WORK TASK
Omitting the pictures, restate all of the entries below exactly.

[GIVEN ENTRIES — start]

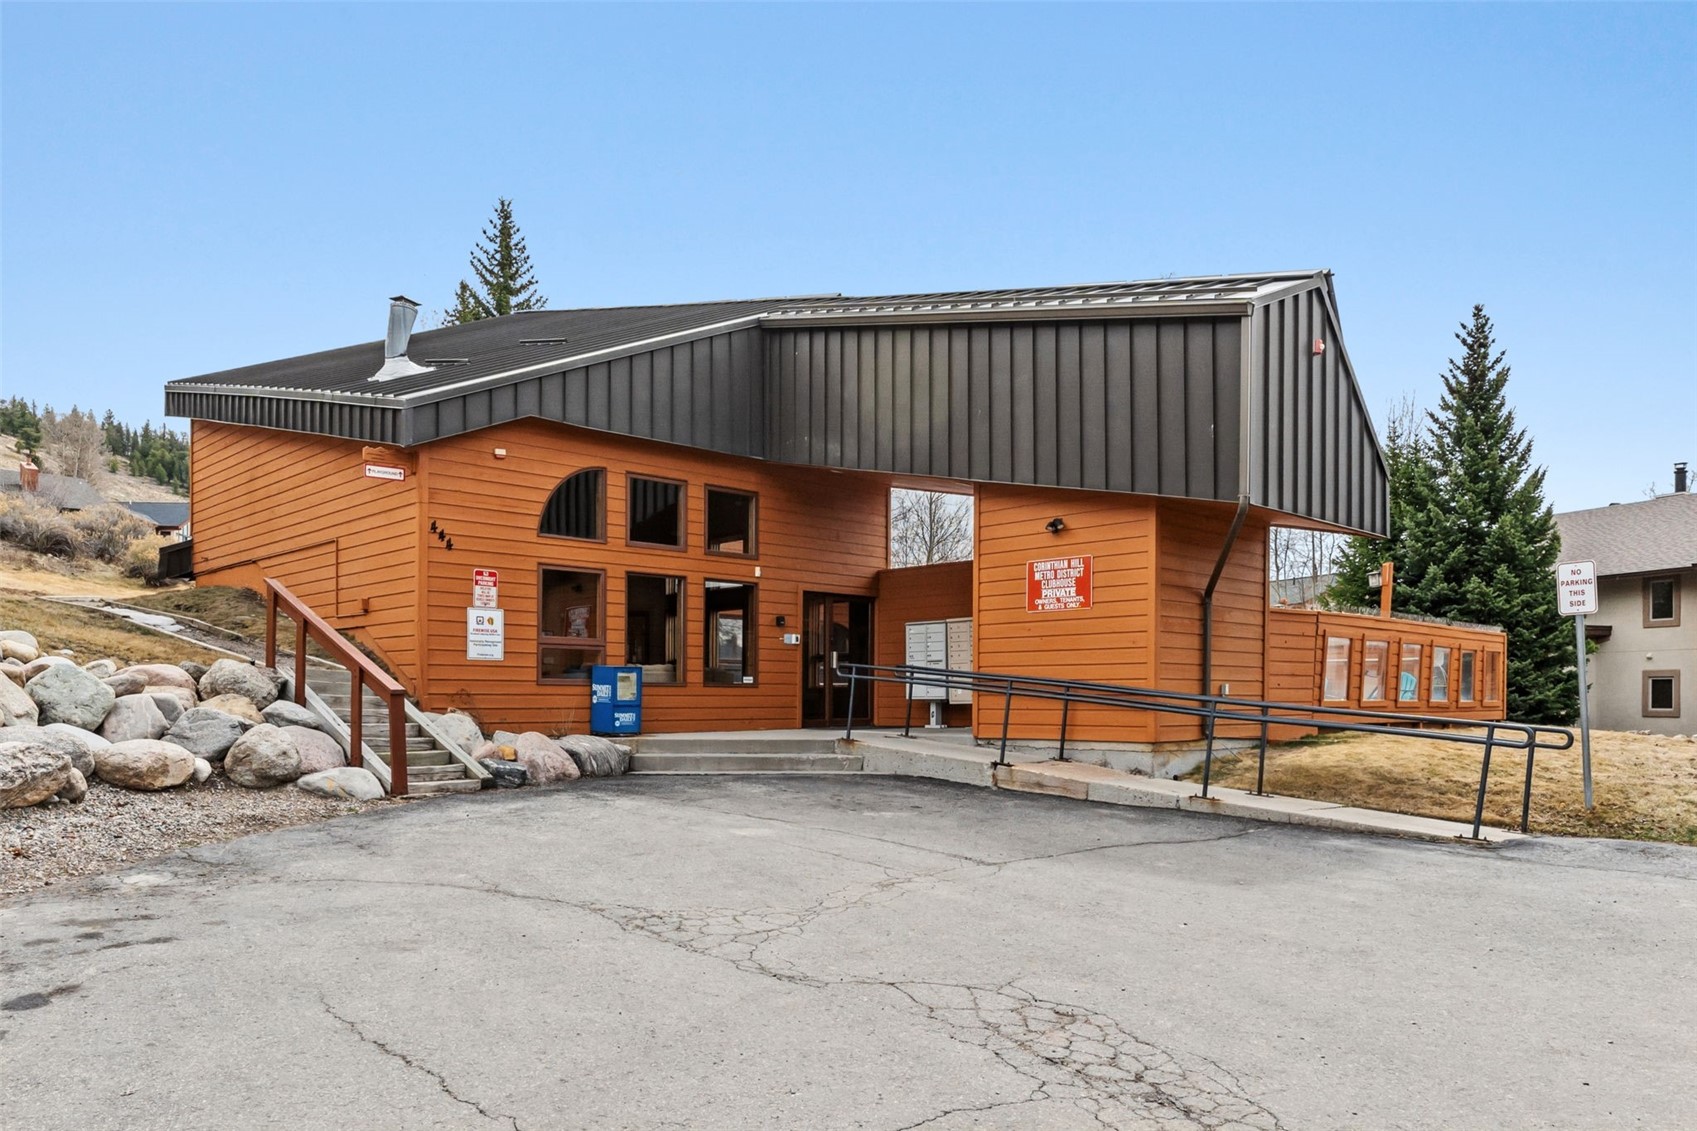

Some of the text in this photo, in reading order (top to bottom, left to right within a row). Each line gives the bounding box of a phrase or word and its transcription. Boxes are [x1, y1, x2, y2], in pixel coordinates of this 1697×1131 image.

[430, 520, 454, 551] 444
[1033, 558, 1084, 572] CORINTHIAN HILL
[1034, 567, 1084, 581] METRO DISTRICT
[1570, 568, 1582, 576] NO
[1041, 577, 1076, 589] CLUBHOUSE
[1560, 578, 1593, 587] PARKING
[1042, 587, 1076, 598] PRIVATE
[1569, 589, 1586, 597] THIS
[1044, 602, 1065, 610] GUESTS
[1569, 600, 1586, 608] SIDE

[GIVEN ENTRIES — finish]

SOLUTION
Some of the text in this photo, in reading order (top to bottom, left to right within a row). Each line gives the bounding box of a phrase or word and its transcription. Boxes are [x1, y1, x2, y2], in pixel coordinates of this 1697×1131 image.

[430, 520, 454, 551] 444
[1033, 558, 1084, 572] CORINTHIAN HILL
[1034, 567, 1084, 581] METRO DISTRICT
[1570, 568, 1582, 576] NO
[1041, 577, 1076, 589] CLUBHOUSE
[1560, 578, 1593, 587] PARKING
[1042, 587, 1076, 598] PRIVATE
[1569, 589, 1586, 597] THIS
[1044, 602, 1065, 610] GUESTS
[1569, 600, 1586, 608] SIDE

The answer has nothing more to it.